ASSIGNMENT - The data should be restated word for word, in full.

SUPPLIED INFORMATION -

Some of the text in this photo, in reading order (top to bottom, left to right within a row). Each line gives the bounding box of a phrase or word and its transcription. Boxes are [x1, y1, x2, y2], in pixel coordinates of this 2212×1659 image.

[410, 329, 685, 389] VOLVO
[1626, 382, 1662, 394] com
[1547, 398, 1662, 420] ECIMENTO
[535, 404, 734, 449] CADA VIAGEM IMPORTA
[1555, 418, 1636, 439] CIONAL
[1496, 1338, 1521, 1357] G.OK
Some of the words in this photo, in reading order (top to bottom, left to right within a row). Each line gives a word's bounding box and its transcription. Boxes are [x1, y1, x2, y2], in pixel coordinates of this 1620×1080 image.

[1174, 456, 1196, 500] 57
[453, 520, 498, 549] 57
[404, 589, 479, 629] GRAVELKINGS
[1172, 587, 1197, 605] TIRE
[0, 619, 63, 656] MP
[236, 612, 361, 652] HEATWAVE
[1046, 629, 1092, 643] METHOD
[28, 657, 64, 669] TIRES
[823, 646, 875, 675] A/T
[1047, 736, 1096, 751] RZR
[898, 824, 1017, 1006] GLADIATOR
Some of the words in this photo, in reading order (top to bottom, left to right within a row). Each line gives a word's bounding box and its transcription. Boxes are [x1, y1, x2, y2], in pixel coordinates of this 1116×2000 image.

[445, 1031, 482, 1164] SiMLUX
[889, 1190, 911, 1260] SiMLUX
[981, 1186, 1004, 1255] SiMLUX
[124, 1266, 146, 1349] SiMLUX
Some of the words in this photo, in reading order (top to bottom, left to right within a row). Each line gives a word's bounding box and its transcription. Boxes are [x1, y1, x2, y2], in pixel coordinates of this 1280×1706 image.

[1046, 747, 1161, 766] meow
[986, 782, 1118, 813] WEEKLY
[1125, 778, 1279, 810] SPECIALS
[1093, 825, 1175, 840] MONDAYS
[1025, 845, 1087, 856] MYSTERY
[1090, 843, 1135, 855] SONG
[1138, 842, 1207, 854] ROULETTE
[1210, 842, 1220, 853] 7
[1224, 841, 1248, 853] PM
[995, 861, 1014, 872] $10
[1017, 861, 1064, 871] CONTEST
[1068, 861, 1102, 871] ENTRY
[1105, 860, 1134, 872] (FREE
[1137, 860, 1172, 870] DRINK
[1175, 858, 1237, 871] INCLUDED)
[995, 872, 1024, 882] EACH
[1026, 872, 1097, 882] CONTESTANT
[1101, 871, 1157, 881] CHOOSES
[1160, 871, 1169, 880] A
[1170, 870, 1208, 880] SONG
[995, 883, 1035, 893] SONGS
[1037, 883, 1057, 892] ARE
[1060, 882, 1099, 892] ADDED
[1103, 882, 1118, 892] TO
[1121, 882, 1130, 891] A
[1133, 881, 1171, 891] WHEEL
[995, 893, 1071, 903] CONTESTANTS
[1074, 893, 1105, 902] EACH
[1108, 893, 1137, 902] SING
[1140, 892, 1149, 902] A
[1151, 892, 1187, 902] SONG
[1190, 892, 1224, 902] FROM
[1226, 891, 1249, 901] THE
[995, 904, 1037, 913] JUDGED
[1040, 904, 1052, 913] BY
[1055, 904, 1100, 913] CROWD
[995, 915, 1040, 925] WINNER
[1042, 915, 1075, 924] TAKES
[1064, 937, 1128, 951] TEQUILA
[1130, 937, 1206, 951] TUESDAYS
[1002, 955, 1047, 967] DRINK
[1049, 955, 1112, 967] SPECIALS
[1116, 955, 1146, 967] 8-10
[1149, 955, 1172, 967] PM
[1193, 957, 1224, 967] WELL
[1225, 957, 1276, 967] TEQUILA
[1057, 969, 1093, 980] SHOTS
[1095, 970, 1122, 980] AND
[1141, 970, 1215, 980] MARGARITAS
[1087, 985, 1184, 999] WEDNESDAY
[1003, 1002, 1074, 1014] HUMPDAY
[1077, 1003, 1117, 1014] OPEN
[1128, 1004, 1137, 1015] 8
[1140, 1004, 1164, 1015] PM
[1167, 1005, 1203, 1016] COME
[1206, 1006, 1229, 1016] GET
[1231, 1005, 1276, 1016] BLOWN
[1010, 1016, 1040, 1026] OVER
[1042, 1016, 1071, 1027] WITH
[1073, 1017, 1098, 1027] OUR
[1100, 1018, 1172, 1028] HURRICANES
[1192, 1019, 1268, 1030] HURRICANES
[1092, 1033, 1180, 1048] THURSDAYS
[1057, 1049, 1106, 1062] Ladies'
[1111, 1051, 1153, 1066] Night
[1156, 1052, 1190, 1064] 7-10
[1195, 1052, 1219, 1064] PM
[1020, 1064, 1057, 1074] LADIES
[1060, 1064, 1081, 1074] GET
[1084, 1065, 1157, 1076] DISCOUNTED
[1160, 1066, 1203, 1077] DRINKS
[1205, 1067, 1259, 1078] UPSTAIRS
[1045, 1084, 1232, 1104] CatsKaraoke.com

TASK ANSWER -
Some of the text in this photo, in reading order (top to bottom, left to right within a row). Each line gives the bounding box of a phrase or word and its transcription. Boxes are [x1, y1, x2, y2], in pixel coordinates of this 2212×1659 image.

[410, 329, 685, 389] VOLVO
[1626, 382, 1662, 394] com
[1547, 398, 1662, 420] ECIMENTO
[535, 404, 734, 449] CADA VIAGEM IMPORTA
[1555, 418, 1636, 439] CIONAL
[1496, 1338, 1521, 1357] G.OK
Some of the words in this photo, in reading order (top to bottom, left to right within a row). Each line gives a word's bounding box and its transcription. Boxes are [x1, y1, x2, y2], in pixel coordinates of this 1620×1080 image.

[1174, 456, 1196, 500] 57
[453, 520, 498, 549] 57
[404, 589, 479, 629] GRAVELKINGS
[1172, 587, 1197, 605] TIRE
[0, 619, 63, 656] MP
[236, 612, 361, 652] HEATWAVE
[1046, 629, 1092, 643] METHOD
[28, 657, 64, 669] TIRES
[823, 646, 875, 675] A/T
[1047, 736, 1096, 751] RZR
[898, 824, 1017, 1006] GLADIATOR
Some of the words in this photo, in reading order (top to bottom, left to right within a row). Each line gives a word's bounding box and its transcription. Boxes are [x1, y1, x2, y2], in pixel coordinates of this 1116×2000 image.

[445, 1031, 482, 1164] SiMLUX
[889, 1190, 911, 1260] SiMLUX
[981, 1186, 1004, 1255] SiMLUX
[124, 1266, 146, 1349] SiMLUX
Some of the words in this photo, in reading order (top to bottom, left to right within a row). Each line gives a word's bounding box and its transcription. Boxes are [x1, y1, x2, y2], in pixel coordinates of this 1280×1706 image.

[1046, 747, 1161, 766] meow
[986, 782, 1118, 813] WEEKLY
[1125, 778, 1279, 810] SPECIALS
[1093, 825, 1175, 840] MONDAYS
[1025, 845, 1087, 856] MYSTERY
[1090, 843, 1135, 855] SONG
[1138, 842, 1207, 854] ROULETTE
[1210, 842, 1220, 853] 7
[1224, 841, 1248, 853] PM
[995, 861, 1014, 872] $10
[1017, 861, 1064, 871] CONTEST
[1068, 861, 1102, 871] ENTRY
[1105, 860, 1134, 872] (FREE
[1137, 860, 1172, 870] DRINK
[1175, 858, 1237, 871] INCLUDED)
[995, 872, 1024, 882] EACH
[1026, 872, 1097, 882] CONTESTANT
[1101, 871, 1157, 881] CHOOSES
[1160, 871, 1169, 880] A
[1170, 870, 1208, 880] SONG
[995, 883, 1035, 893] SONGS
[1037, 883, 1057, 892] ARE
[1060, 882, 1099, 892] ADDED
[1103, 882, 1118, 892] TO
[1121, 882, 1130, 891] A
[1133, 881, 1171, 891] WHEEL
[995, 893, 1071, 903] CONTESTANTS
[1074, 893, 1105, 902] EACH
[1108, 893, 1137, 902] SING
[1140, 892, 1149, 902] A
[1151, 892, 1187, 902] SONG
[1190, 892, 1224, 902] FROM
[1226, 891, 1249, 901] THE
[995, 904, 1037, 913] JUDGED
[1040, 904, 1052, 913] BY
[1055, 904, 1100, 913] CROWD
[995, 915, 1040, 925] WINNER
[1042, 915, 1075, 924] TAKES
[1064, 937, 1128, 951] TEQUILA
[1130, 937, 1206, 951] TUESDAYS
[1002, 955, 1047, 967] DRINK
[1049, 955, 1112, 967] SPECIALS
[1116, 955, 1146, 967] 8-10
[1149, 955, 1172, 967] PM
[1193, 957, 1224, 967] WELL
[1225, 957, 1276, 967] TEQUILA
[1057, 969, 1093, 980] SHOTS
[1095, 970, 1122, 980] AND
[1141, 970, 1215, 980] MARGARITAS
[1087, 985, 1184, 999] WEDNESDAY
[1003, 1002, 1074, 1014] HUMPDAY
[1077, 1003, 1117, 1014] OPEN
[1128, 1004, 1137, 1015] 8
[1140, 1004, 1164, 1015] PM
[1167, 1005, 1203, 1016] COME
[1206, 1006, 1229, 1016] GET
[1231, 1005, 1276, 1016] BLOWN
[1010, 1016, 1040, 1026] OVER
[1042, 1016, 1071, 1027] WITH
[1073, 1017, 1098, 1027] OUR
[1100, 1018, 1172, 1028] HURRICANES
[1192, 1019, 1268, 1030] HURRICANES
[1092, 1033, 1180, 1048] THURSDAYS
[1057, 1049, 1106, 1062] Ladies'
[1111, 1051, 1153, 1066] Night
[1156, 1052, 1190, 1064] 7-10
[1195, 1052, 1219, 1064] PM
[1020, 1064, 1057, 1074] LADIES
[1060, 1064, 1081, 1074] GET
[1084, 1065, 1157, 1076] DISCOUNTED
[1160, 1066, 1203, 1077] DRINKS
[1205, 1067, 1259, 1078] UPSTAIRS
[1045, 1084, 1232, 1104] CatsKaraoke.com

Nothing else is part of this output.